I helped her up the steps into the swing. She wrapped one hand around the support chain and pushed herself back and forth in a slowly oscillating arc.

”This is a nice place for your li'l girl to grow up in, ain't it?“ she said.

”Yes, it is.“

”How long your family own this?“

”The land was part of my grandfather's farm. My father built the house in nineteen thirty.“

”How'd you like it if somebody just took it away from you, say you ain't got no proof it was part of your gran'daddy's farm? Run a dozer through the walls and scrape away the ground just like none of y'all was ever here?“

”You've got to give me some time, Bertie. I'm doing the best I

can.

She snapped open the big clasp on her bag and reached inside.

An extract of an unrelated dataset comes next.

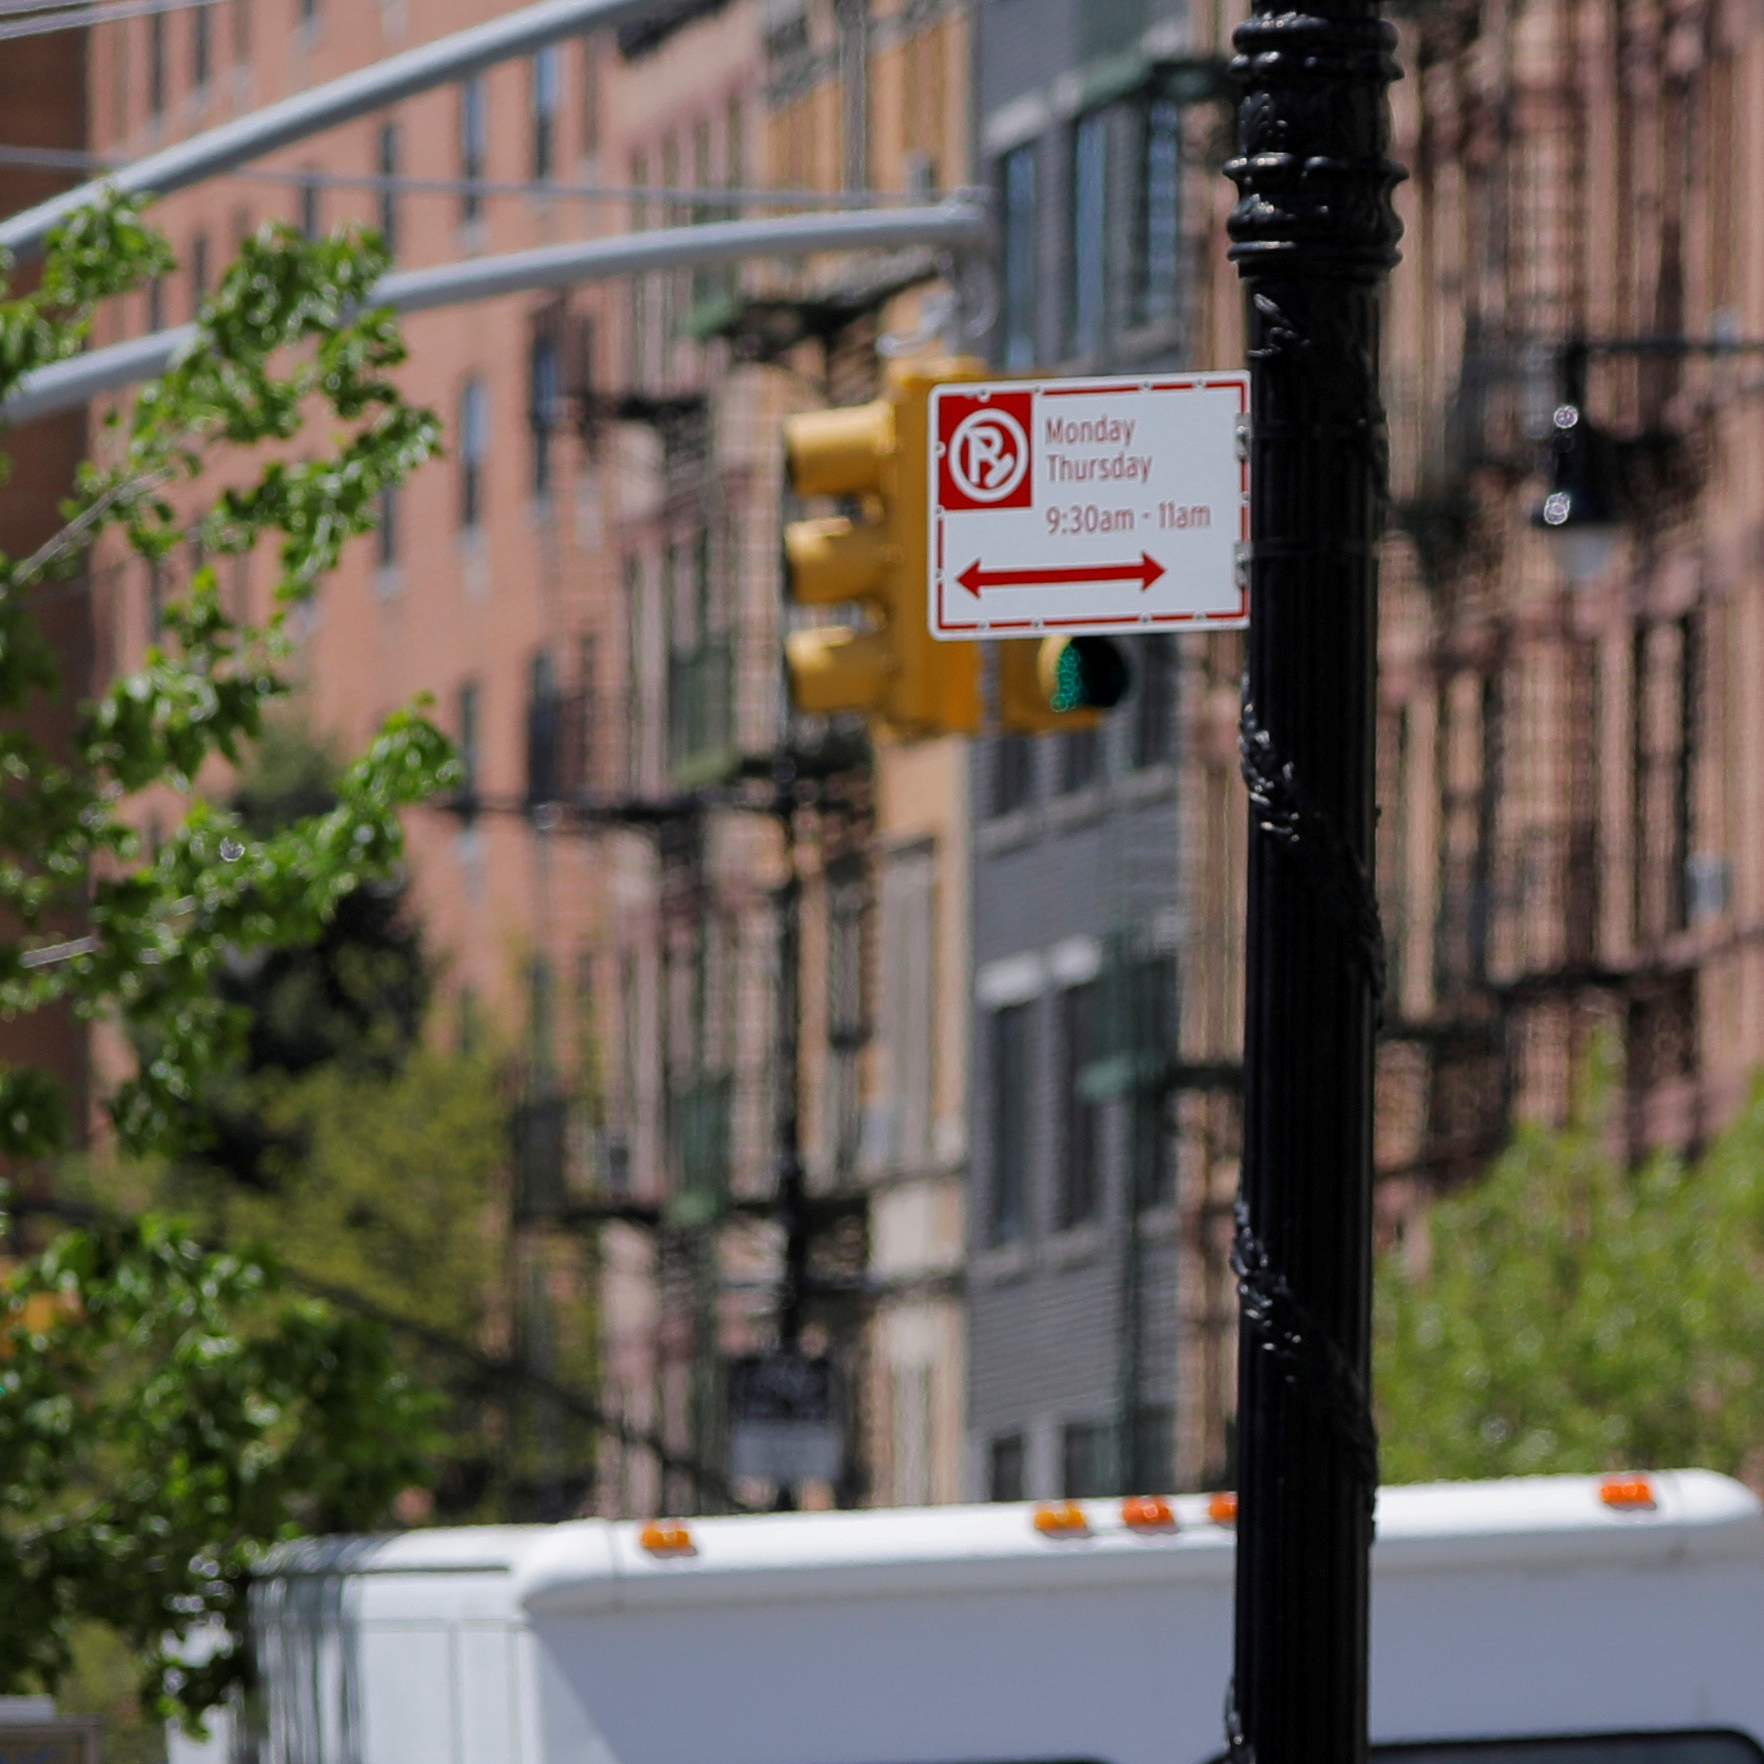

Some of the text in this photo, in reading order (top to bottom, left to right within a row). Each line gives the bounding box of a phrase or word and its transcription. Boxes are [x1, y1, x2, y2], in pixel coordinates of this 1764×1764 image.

[1045, 413, 1135, 446] Monday
[1047, 452, 1153, 483] Thursday
[1045, 504, 1135, 535] 9:30am
[1158, 501, 1211, 530] 11am

“You don't believe Moleen after some treasure on our land, so I brought you something,” she said. “I dug these out of my li'l garden early this spring.”

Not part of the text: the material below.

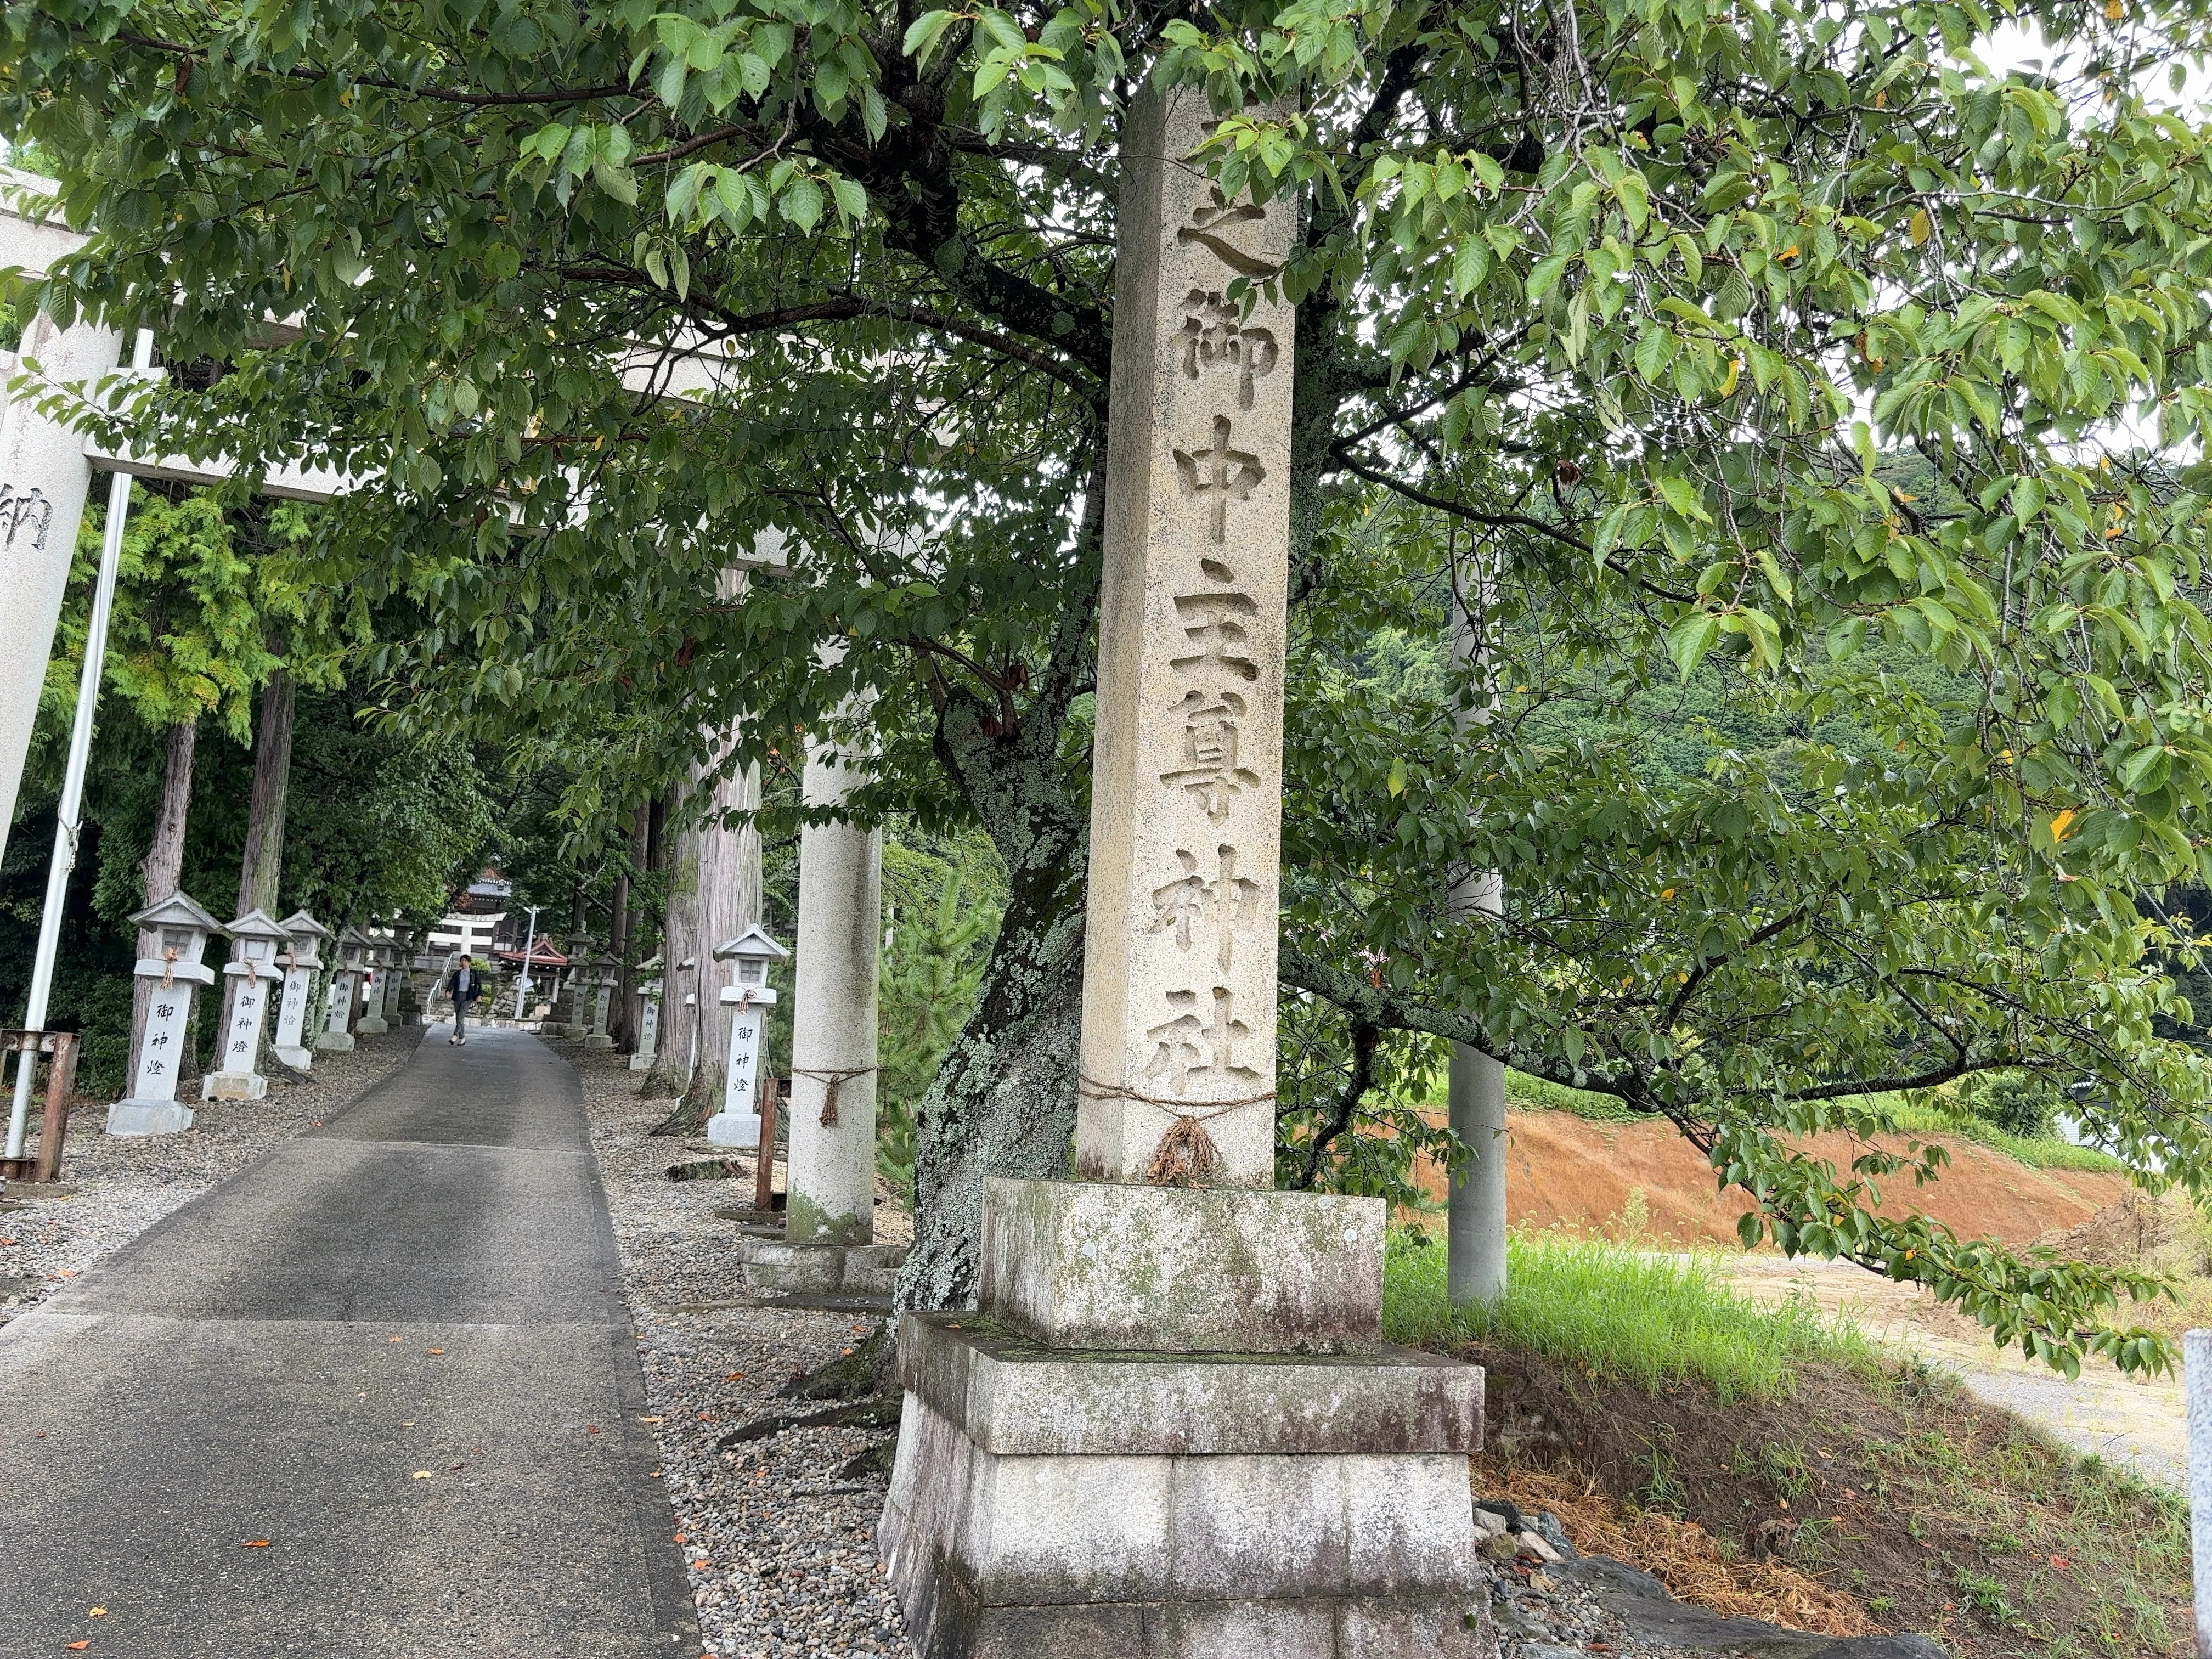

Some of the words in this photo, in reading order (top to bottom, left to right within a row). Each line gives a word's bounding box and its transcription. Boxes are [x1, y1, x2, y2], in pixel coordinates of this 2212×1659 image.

[232, 996, 255, 1053] 御神燈
[284, 980, 301, 1026] 御神燈
[146, 1004, 174, 1075] 御神燈
[734, 1027, 753, 1091] 御神燈

One at a time she removed a series of thin eight- or nine-inch objects individually wrapped in tissue paper and bound with rubber bands. Then she rolled the rubber bands off one and peeled back the paper and flattened it against the swing.

“What you think of that?” she said.

The spoon was black as a scorched pot with tarnish, but she had obviously rubbed the metal smooth and free of dirt with rags so you could clearly see the coat of arms and the letter S embossed on the flanged head of the handle.

“That's pretty impressive,” I said. “How deep was this in the soil?”

“From my elbow to the tip of my finger.”

“Have you shown this to anybody else?”

“No, and I ain't going to. Not till I get a piece of paper that say that's my land.”

“There's an antique gun and coin store in New Orleans, Cohen's, it's on Royal Street. Can I take one of these spoons there if I don't tell them where I got it?”

“You give me your word on that?”

“Yes, ma'am.”

“How long that gonna take?” she said, fanning herself with a flowered handkerchief.

Chapter 14

I CHECKED OUT of the office early Tuesday afternoon and drove across the Atchafalaya Basin through Baton Rouge into New Orleans. I went first to Cohen's on Royal, whose collection of antique guns and coins and Civil War ordnance could match a museum's, then I met Clete at his office on St. Ann and we walked through Jackson Square to a small Italian restaurant down from Tujague's on Decatur.

We sat in back at a table with a checkered cloth and ordered, then Clete went to the bar and came back with a shot glass of bourbon and a schooner of draft. He lowered the shot into the schooner with his fingertips and watched it slide and clink down the side to the bottom, the whiskey corkscrewing upward in an amber cloud.

“Why don't you pour some liquid Drano in there while you're at it?” I said.

He took a deep hit and wiped his mouth with his hand.

“I had to pull a bail jumper out of a motel on the Airline Highway this afternoon. He had both his kids with him. I got to lose this PI gig,”

he said.

“You did it when you had your shield.”